Spatial localization data:
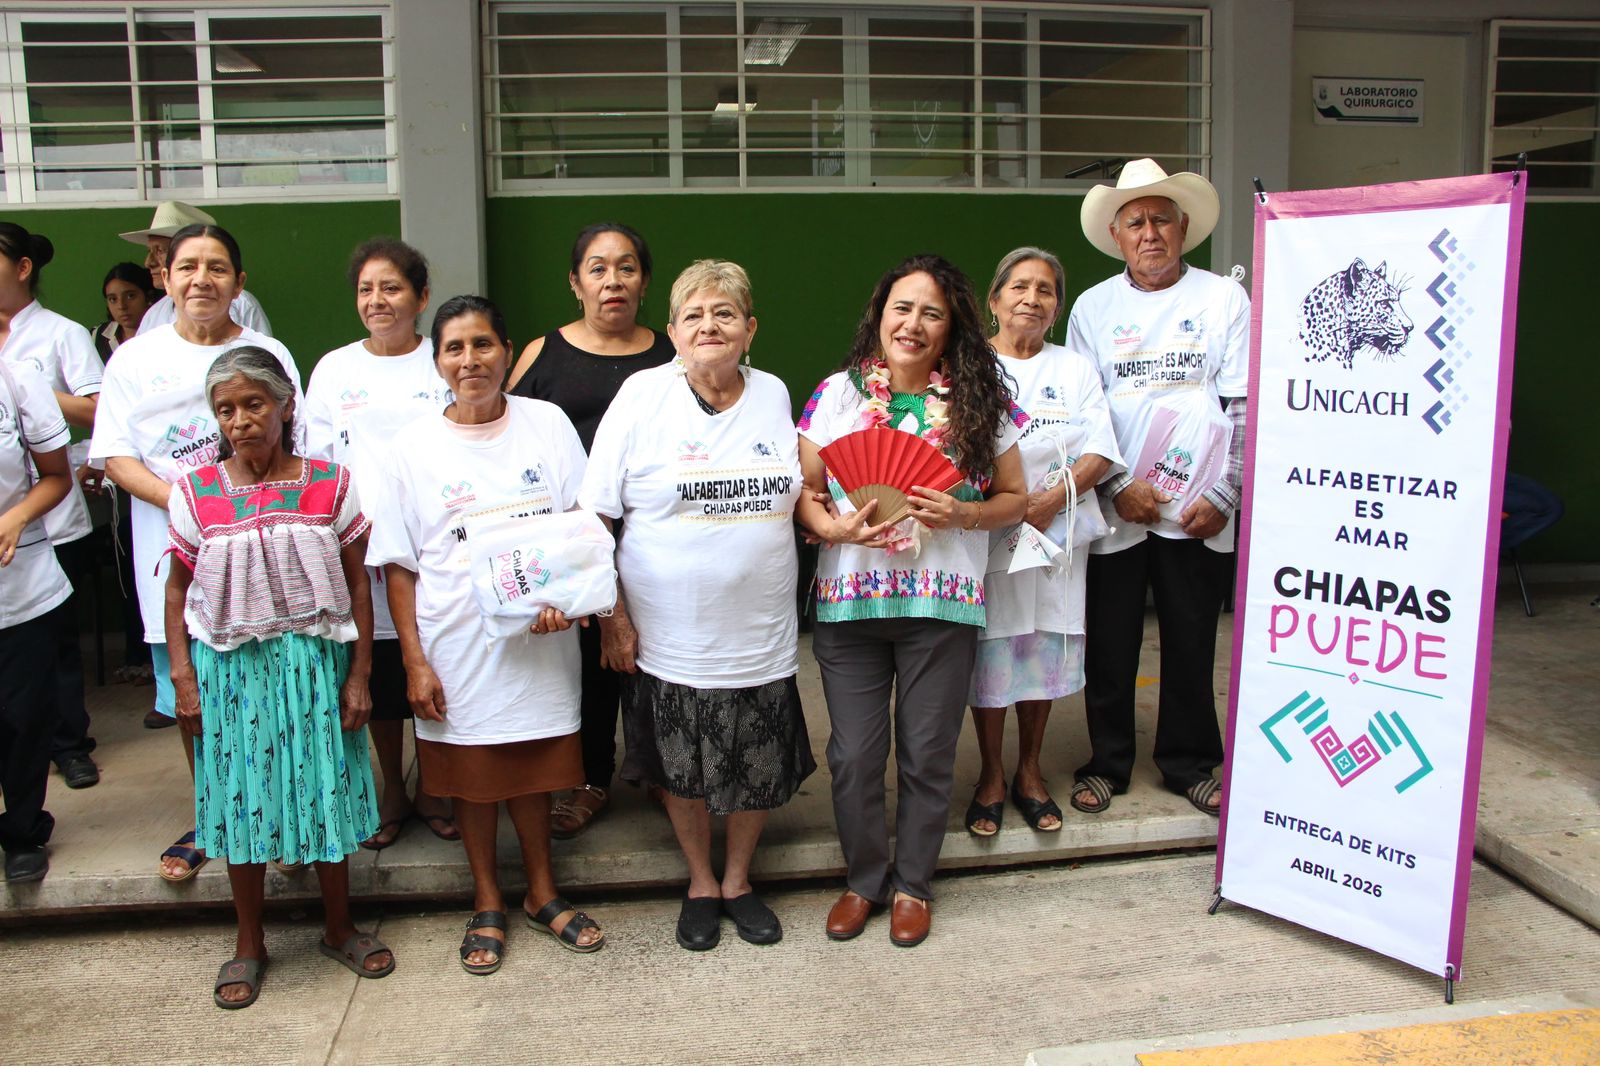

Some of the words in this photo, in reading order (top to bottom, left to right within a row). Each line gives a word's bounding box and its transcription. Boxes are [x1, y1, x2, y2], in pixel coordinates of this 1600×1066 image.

[1340, 87, 1418, 98] LABORATORIO
[1343, 98, 1414, 109] QUIRURGICO
[1165, 352, 1176, 368] ES
[1161, 371, 1186, 381] PUEDE
[171, 432, 220, 459] CHIAPAS
[1154, 462, 1190, 482] CHIPAS
[1286, 466, 1458, 500] ALFABETIZAR
[676, 479, 746, 501] "ALFABETIZAR
[748, 477, 760, 497] ES
[762, 476, 793, 496] AMOR"
[703, 502, 742, 515] CHIAPAS
[743, 500, 772, 512] PUEDE
[1355, 500, 1384, 519] ES
[1335, 525, 1409, 551] AMAR
[497, 552, 520, 602] PUEDE
[512, 549, 531, 596] CHIAPAS
[1273, 566, 1452, 624] CHIAPAS
[1268, 604, 1448, 680] PUEDE
[1263, 810, 1344, 846] ENTREGA
[1348, 834, 1372, 855] DE
[1376, 843, 1417, 869] KITS
[1290, 857, 1339, 884] ABRIL
[1342, 873, 1383, 898] 2026
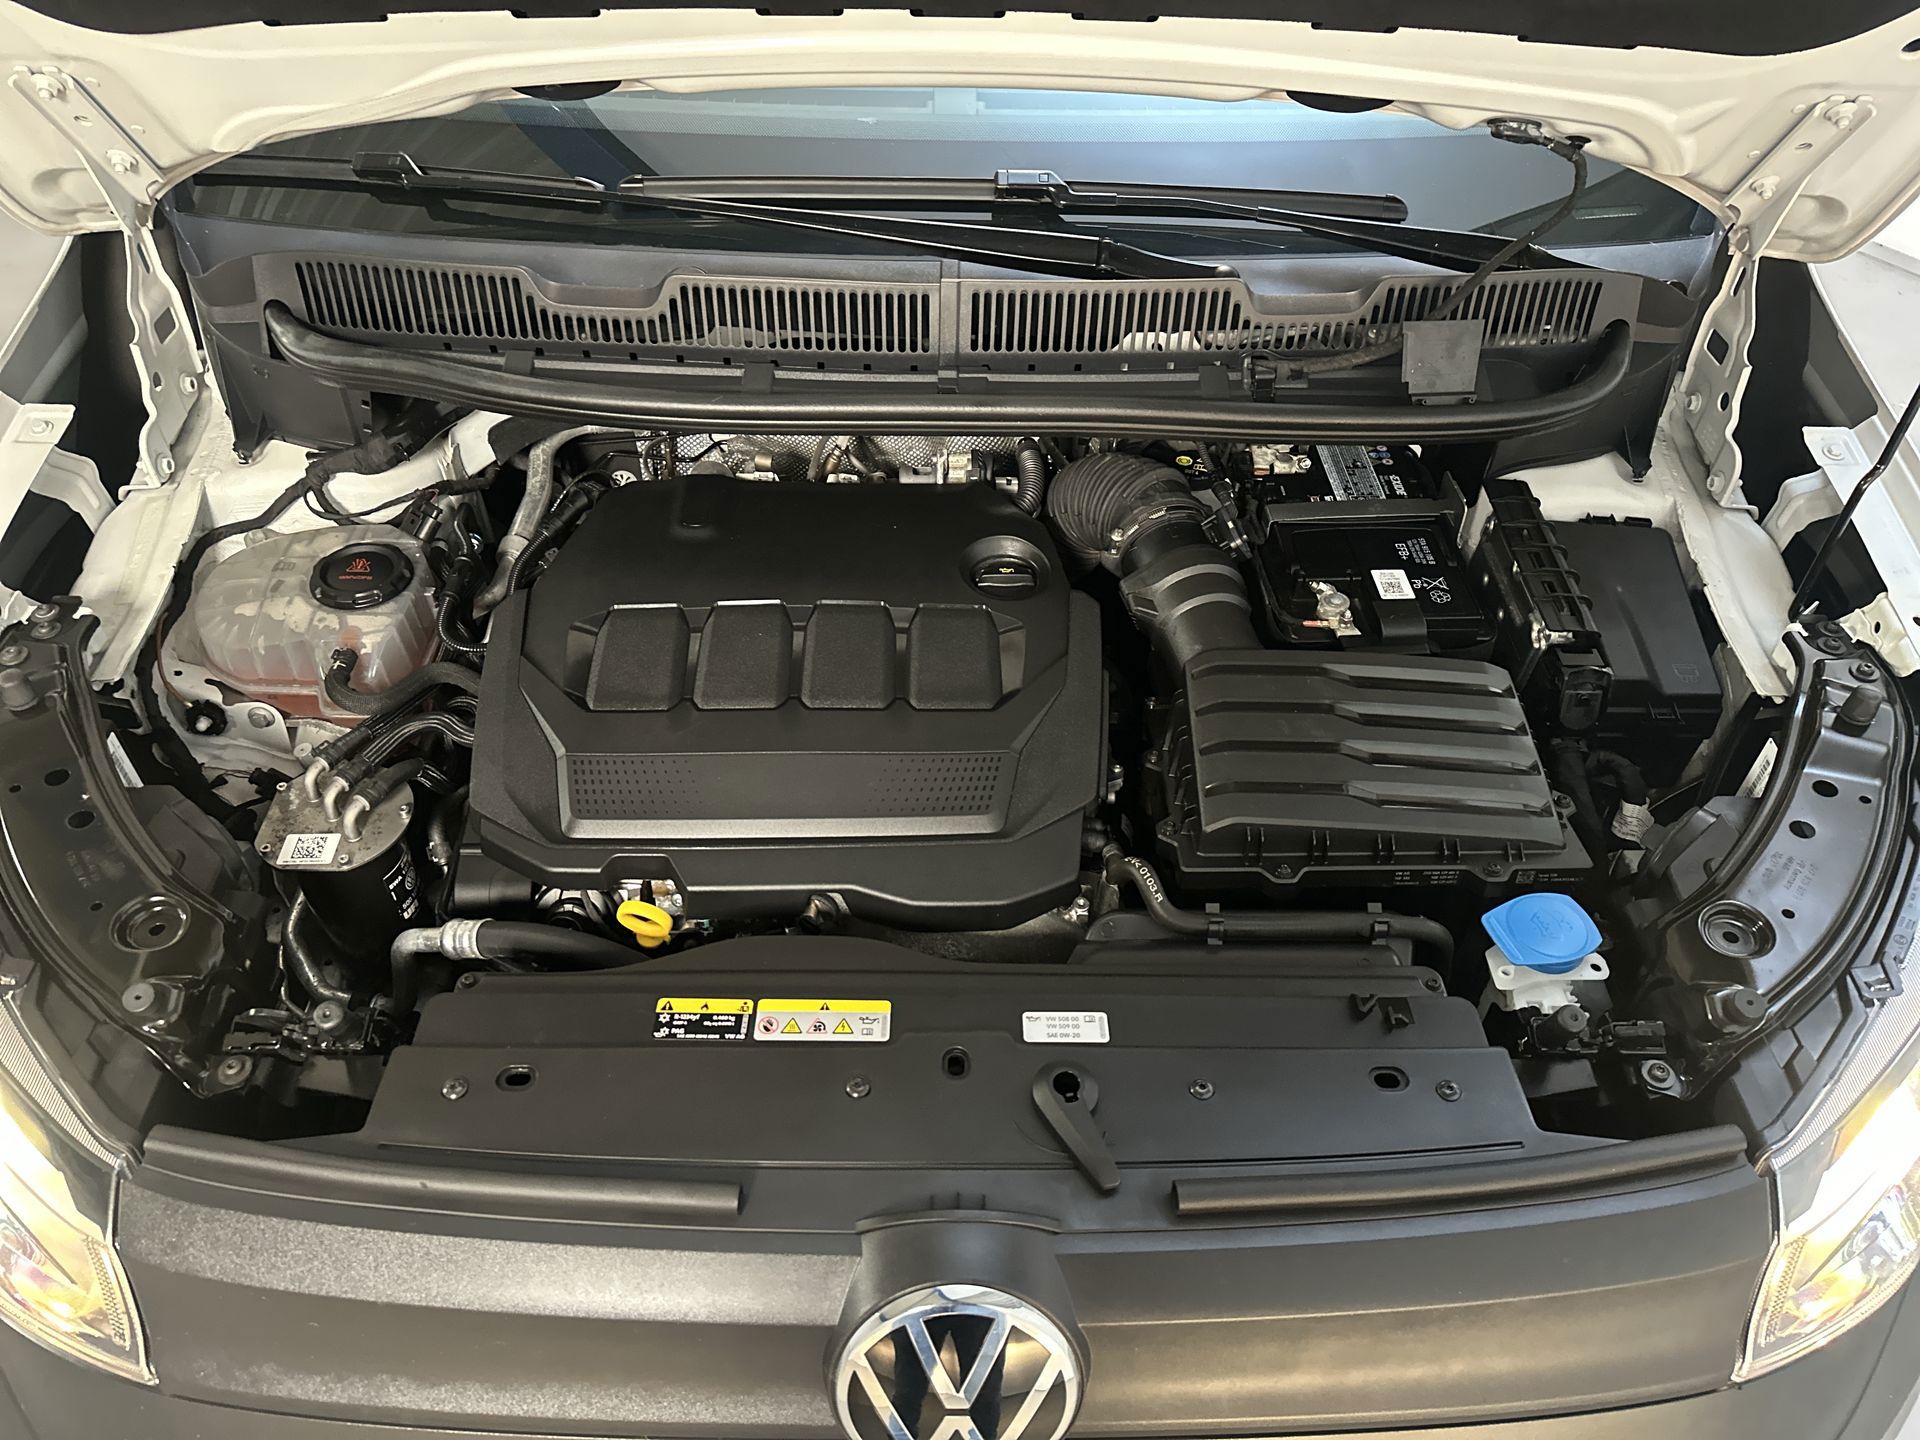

Required action: The preceding entries are to be written out again exactly, with the pictures removed.

Solution below:
Some of the words in this photo, in reading order (top to bottom, left to right within a row). Each line gives a word's bounding box and its transcription. Boxes are [x1, y1, x2, y2], in pixel coordinates of this 1600×1066 image.

[1340, 87, 1418, 98] LABORATORIO
[1343, 98, 1414, 109] QUIRURGICO
[1165, 352, 1176, 368] ES
[1161, 371, 1186, 381] PUEDE
[171, 432, 220, 459] CHIAPAS
[1154, 462, 1190, 482] CHIPAS
[1286, 466, 1458, 500] ALFABETIZAR
[676, 479, 746, 501] "ALFABETIZAR
[748, 477, 760, 497] ES
[762, 476, 793, 496] AMOR"
[703, 502, 742, 515] CHIAPAS
[743, 500, 772, 512] PUEDE
[1355, 500, 1384, 519] ES
[1335, 525, 1409, 551] AMAR
[497, 552, 520, 602] PUEDE
[512, 549, 531, 596] CHIAPAS
[1273, 566, 1452, 624] CHIAPAS
[1268, 604, 1448, 680] PUEDE
[1263, 810, 1344, 846] ENTREGA
[1348, 834, 1372, 855] DE
[1376, 843, 1417, 869] KITS
[1290, 857, 1339, 884] ABRIL
[1342, 873, 1383, 898] 2026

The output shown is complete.